(Text-to-region grounding data)
* * * * * * *
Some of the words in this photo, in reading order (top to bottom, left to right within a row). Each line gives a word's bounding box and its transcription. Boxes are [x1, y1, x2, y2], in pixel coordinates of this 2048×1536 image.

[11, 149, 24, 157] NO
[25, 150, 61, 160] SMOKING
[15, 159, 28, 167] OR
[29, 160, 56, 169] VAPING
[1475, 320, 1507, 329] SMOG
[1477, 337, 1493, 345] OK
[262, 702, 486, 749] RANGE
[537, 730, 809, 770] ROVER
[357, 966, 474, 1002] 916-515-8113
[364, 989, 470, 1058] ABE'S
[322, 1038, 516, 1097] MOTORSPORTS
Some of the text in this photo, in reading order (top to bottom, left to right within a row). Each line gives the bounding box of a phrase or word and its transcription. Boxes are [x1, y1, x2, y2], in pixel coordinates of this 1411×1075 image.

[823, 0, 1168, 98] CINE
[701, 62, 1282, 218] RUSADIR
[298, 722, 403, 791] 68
* * * * * * *
== To do ==
All lines from the one that holds "Some of the text" through the end of the records are to be returned exactly, including both boundary lines, and no others.

== Exercise response ==
Some of the text in this photo, in reading order (top to bottom, left to right within a row). Each line gives the bounding box of a phrase or word and its transcription. Boxes are [x1, y1, x2, y2], in pixel coordinates of this 1411×1075 image.

[823, 0, 1168, 98] CINE
[701, 62, 1282, 218] RUSADIR
[298, 722, 403, 791] 68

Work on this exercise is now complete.